***** INFORMATION

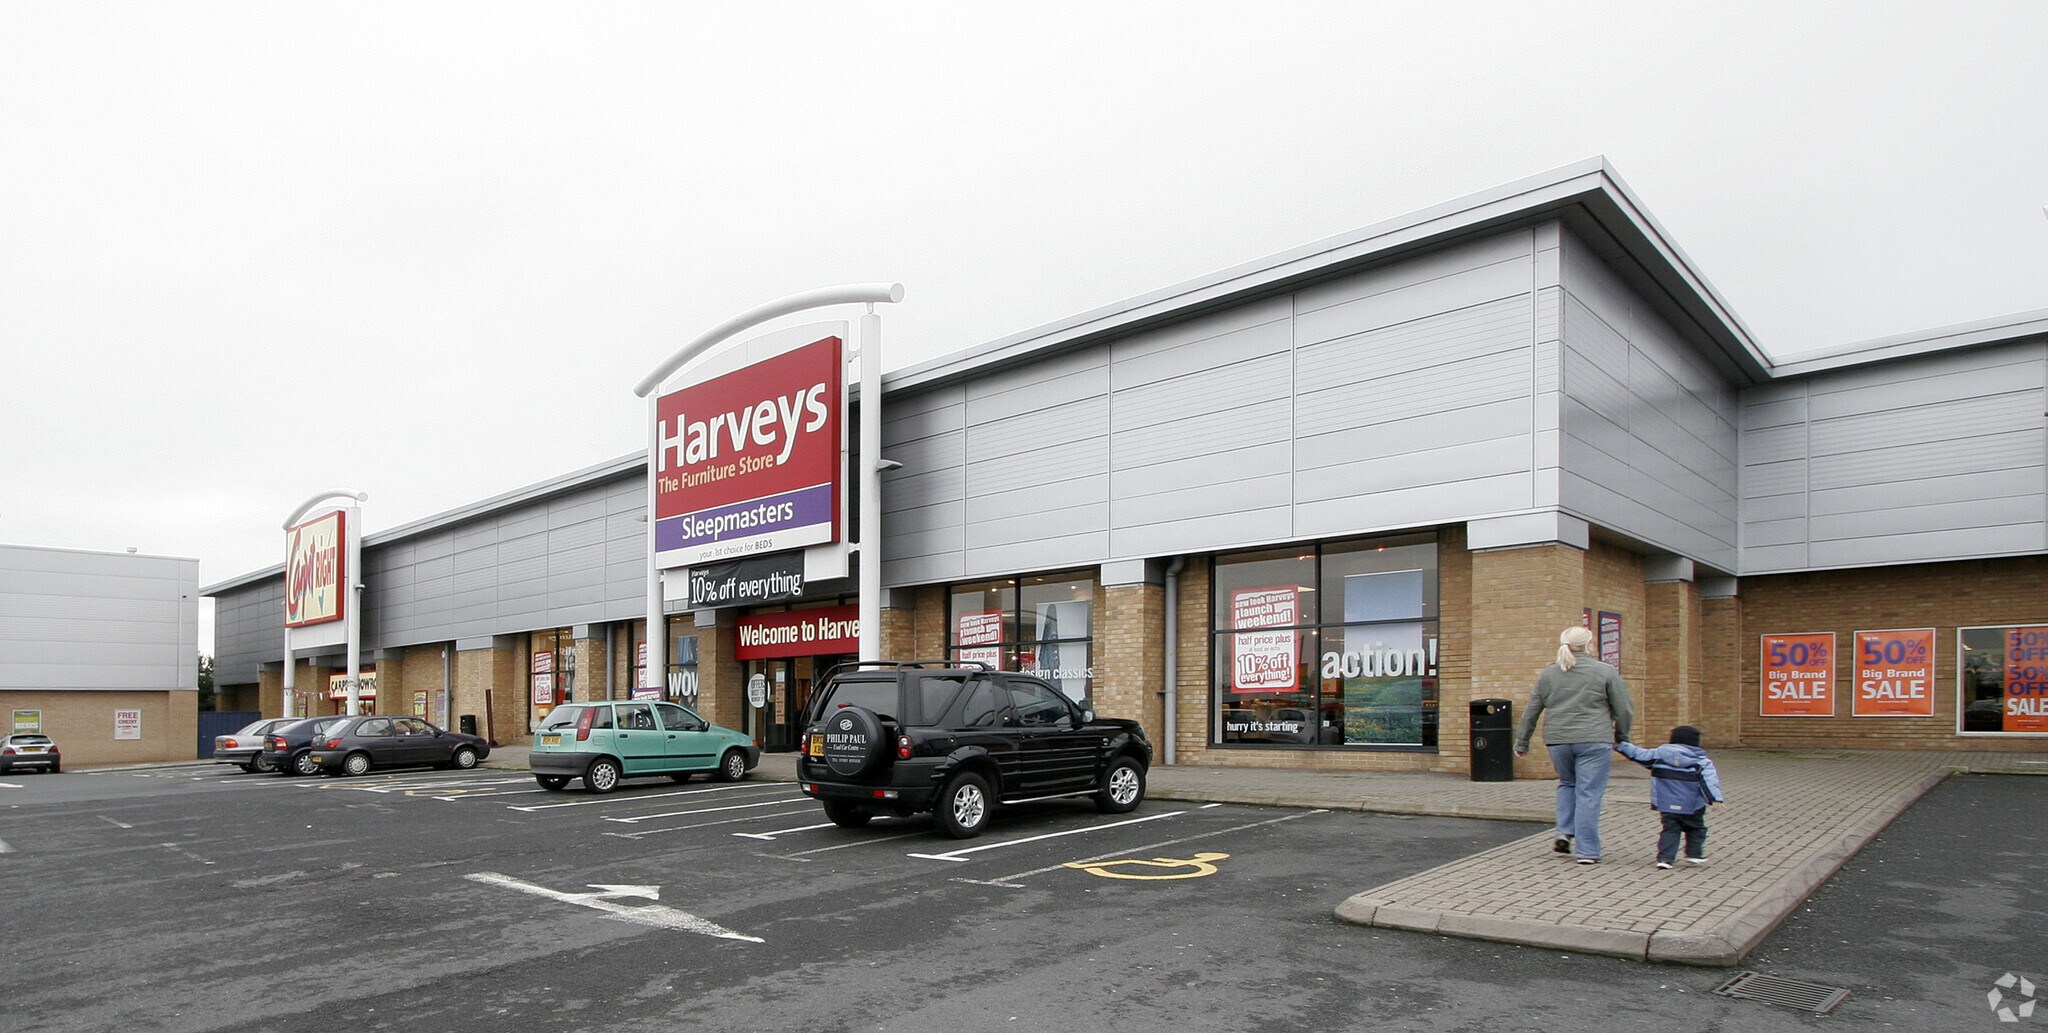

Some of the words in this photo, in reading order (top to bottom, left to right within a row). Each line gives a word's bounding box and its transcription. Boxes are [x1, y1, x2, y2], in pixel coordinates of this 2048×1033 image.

[658, 382, 829, 472] Harveys
[658, 478, 678, 494] The
[682, 464, 735, 489] Furniture
[739, 454, 774, 475] Store
[682, 501, 794, 541] Sleepmasters
[699, 551, 712, 561] your
[723, 545, 743, 555] choice
[744, 542, 754, 552] for
[755, 539, 773, 550] BEDS
[316, 545, 335, 588] RIGHT
[691, 577, 717, 604] 10%
[720, 578, 736, 600] off
[739, 570, 801, 599] everything
[1250, 597, 1265, 606] look
[1266, 592, 1294, 602] Harveys
[1237, 610, 1291, 629] weekend!
[1240, 604, 1273, 617] launch
[740, 624, 798, 647] Welcome
[801, 620, 815, 641] to
[818, 617, 860, 640] Harve
[962, 630, 997, 646] weekend!
[1238, 635, 1252, 645] half
[1254, 635, 1273, 646] price
[1275, 633, 1291, 645] plus
[1321, 638, 1437, 679] action!
[1770, 642, 1827, 667] 50%
[1864, 639, 1926, 665] 50%
[1906, 656, 1926, 664] OFF
[1238, 654, 1268, 674] 10%
[1270, 653, 1288, 669] off
[1053, 667, 1093, 680] classics
[1240, 667, 1290, 683] everything!
[1769, 671, 1787, 680] Big
[1791, 670, 1826, 679] Brand
[1862, 669, 1882, 679] Big
[1887, 668, 1925, 677] Brand
[1768, 681, 1826, 699] SALE
[1862, 680, 1925, 699] SALE
[117, 711, 138, 719] FREE
[2007, 698, 2048, 716] SALE
[1226, 721, 1249, 733] hurry
[1250, 720, 1262, 731] it's
[1265, 720, 1299, 733] starting
[826, 734, 849, 743] PHILIP
[850, 734, 867, 744] PAUL
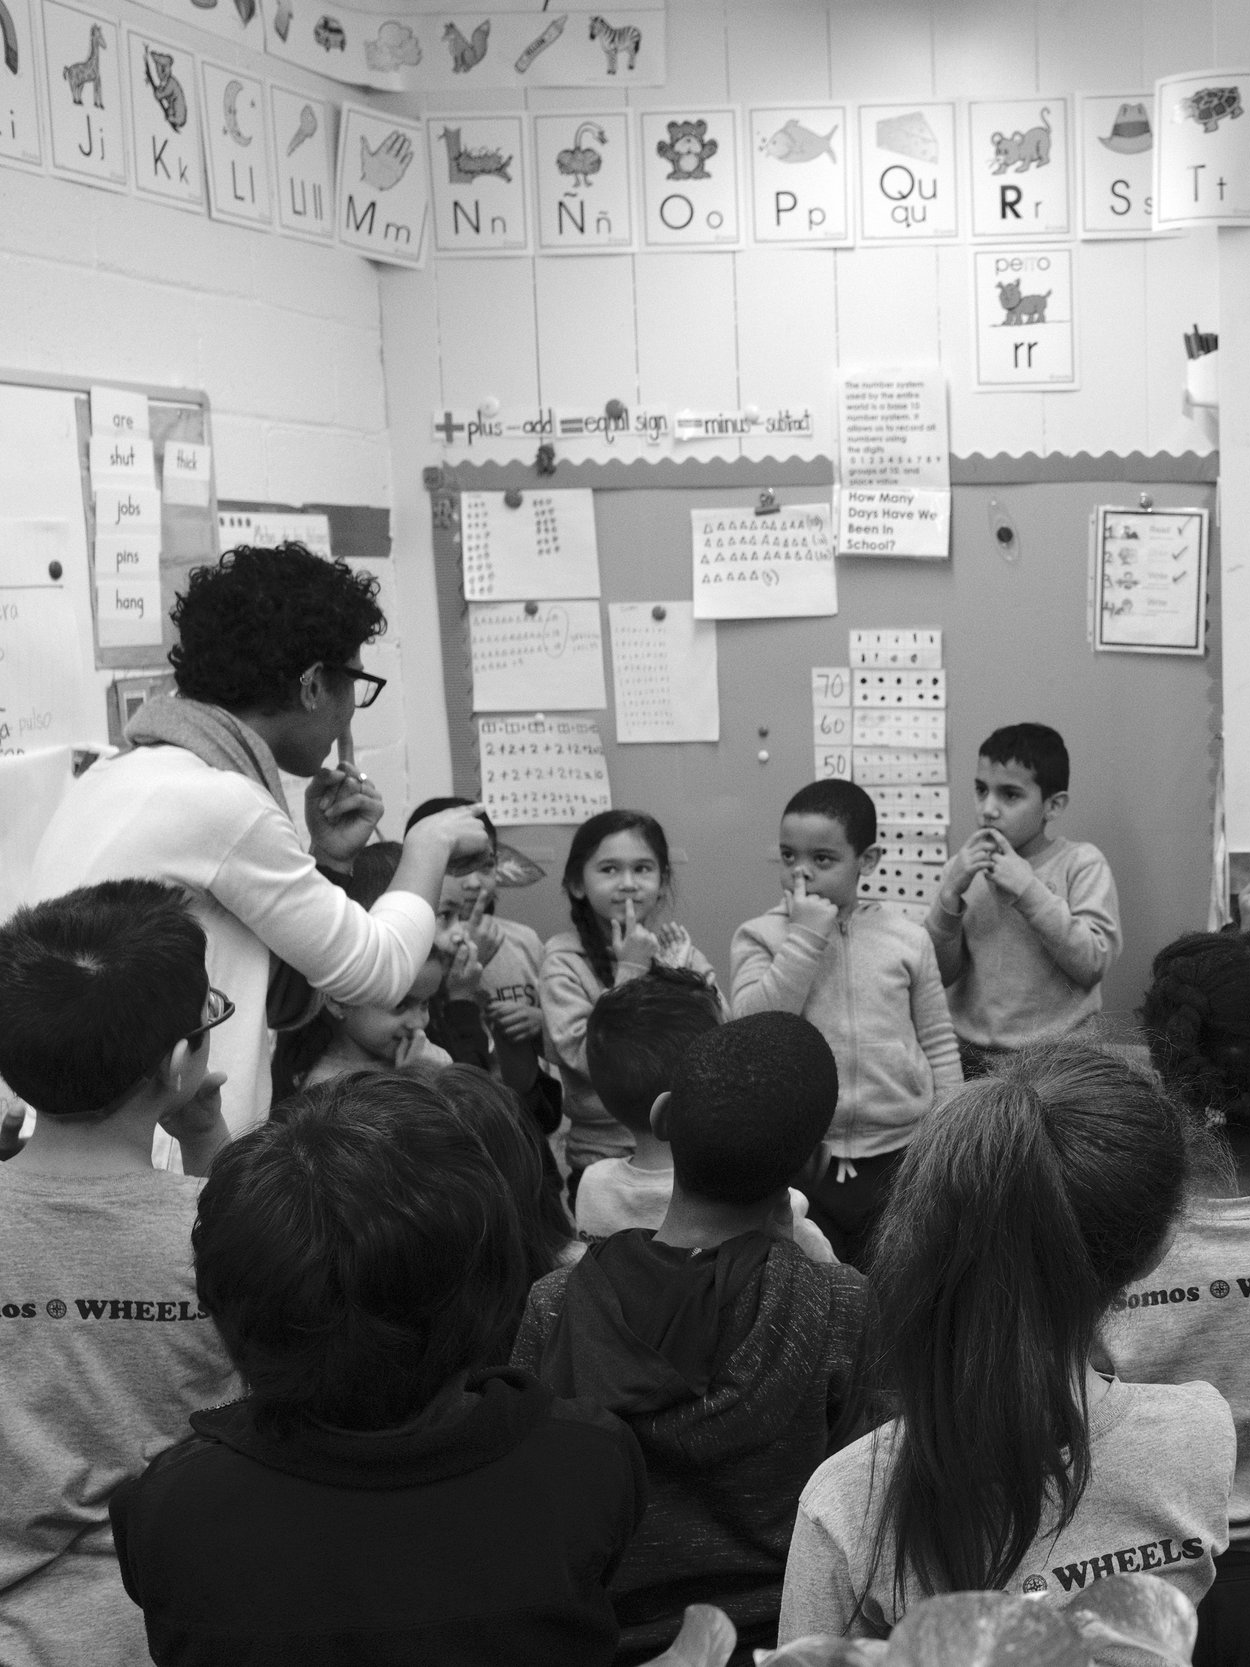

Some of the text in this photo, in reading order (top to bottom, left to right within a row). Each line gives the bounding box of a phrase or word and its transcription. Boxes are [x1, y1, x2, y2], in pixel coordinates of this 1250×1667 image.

[879, 164, 938, 201] Qu
[891, 204, 927, 228] qu
[1013, 340, 1039, 369] rr
[112, 413, 134, 430] are
[467, 409, 503, 445] plus
[522, 407, 554, 434] add
[634, 412, 668, 441] sign
[110, 447, 136, 467] shut
[176, 450, 198, 471] thick
[115, 494, 141, 525] jobs
[849, 492, 914, 506] How Many
[848, 507, 938, 521] Days Have We
[848, 523, 879, 535] Been
[847, 539, 896, 551] School?
[116, 549, 140, 573] pins
[115, 588, 144, 619] hang
[816, 673, 844, 699] 70
[820, 715, 845, 735] 60
[823, 754, 847, 778] 50
[1051, 1536, 1205, 1593] WHEELS

**********

### EXERCISE REQUIREMENTS:
Return every entry word for word, leaving the pictures out.

### TASK OUTPUT:
Some of the words in this photo, in reading order (top to bottom, left to right within a row). Each line gives a word's bounding box and its transcription. Boxes are [x1, y1, x2, y2], in pixel coordinates of this 2048×1033 image.

[658, 382, 829, 472] Harveys
[658, 478, 678, 494] The
[682, 464, 735, 489] Furniture
[739, 454, 774, 475] Store
[682, 501, 794, 541] Sleepmasters
[699, 551, 712, 561] your
[723, 545, 743, 555] choice
[744, 542, 754, 552] for
[755, 539, 773, 550] BEDS
[316, 545, 335, 588] RIGHT
[691, 577, 717, 604] 10%
[720, 578, 736, 600] off
[739, 570, 801, 599] everything
[1250, 597, 1265, 606] look
[1266, 592, 1294, 602] Harveys
[1237, 610, 1291, 629] weekend!
[1240, 604, 1273, 617] launch
[740, 624, 798, 647] Welcome
[801, 620, 815, 641] to
[818, 617, 860, 640] Harve
[962, 630, 997, 646] weekend!
[1238, 635, 1252, 645] half
[1254, 635, 1273, 646] price
[1275, 633, 1291, 645] plus
[1321, 638, 1437, 679] action!
[1770, 642, 1827, 667] 50%
[1864, 639, 1926, 665] 50%
[1906, 656, 1926, 664] OFF
[1238, 654, 1268, 674] 10%
[1270, 653, 1288, 669] off
[1053, 667, 1093, 680] classics
[1240, 667, 1290, 683] everything!
[1769, 671, 1787, 680] Big
[1791, 670, 1826, 679] Brand
[1862, 669, 1882, 679] Big
[1887, 668, 1925, 677] Brand
[1768, 681, 1826, 699] SALE
[1862, 680, 1925, 699] SALE
[117, 711, 138, 719] FREE
[2007, 698, 2048, 716] SALE
[1226, 721, 1249, 733] hurry
[1250, 720, 1262, 731] it's
[1265, 720, 1299, 733] starting
[826, 734, 849, 743] PHILIP
[850, 734, 867, 744] PAUL

Some of the text in this photo, in reading order (top to bottom, left to right within a row). Each line gives the bounding box of a phrase or word and its transcription. Boxes are [x1, y1, x2, y2], in pixel coordinates of this 1250×1667 image.

[879, 164, 938, 201] Qu
[891, 204, 927, 228] qu
[1013, 340, 1039, 369] rr
[112, 413, 134, 430] are
[467, 409, 503, 445] plus
[522, 407, 554, 434] add
[634, 412, 668, 441] sign
[110, 447, 136, 467] shut
[176, 450, 198, 471] thick
[115, 494, 141, 525] jobs
[849, 492, 914, 506] How Many
[848, 507, 938, 521] Days Have We
[848, 523, 879, 535] Been
[847, 539, 896, 551] School?
[116, 549, 140, 573] pins
[115, 588, 144, 619] hang
[816, 673, 844, 699] 70
[820, 715, 845, 735] 60
[823, 754, 847, 778] 50
[1051, 1536, 1205, 1593] WHEELS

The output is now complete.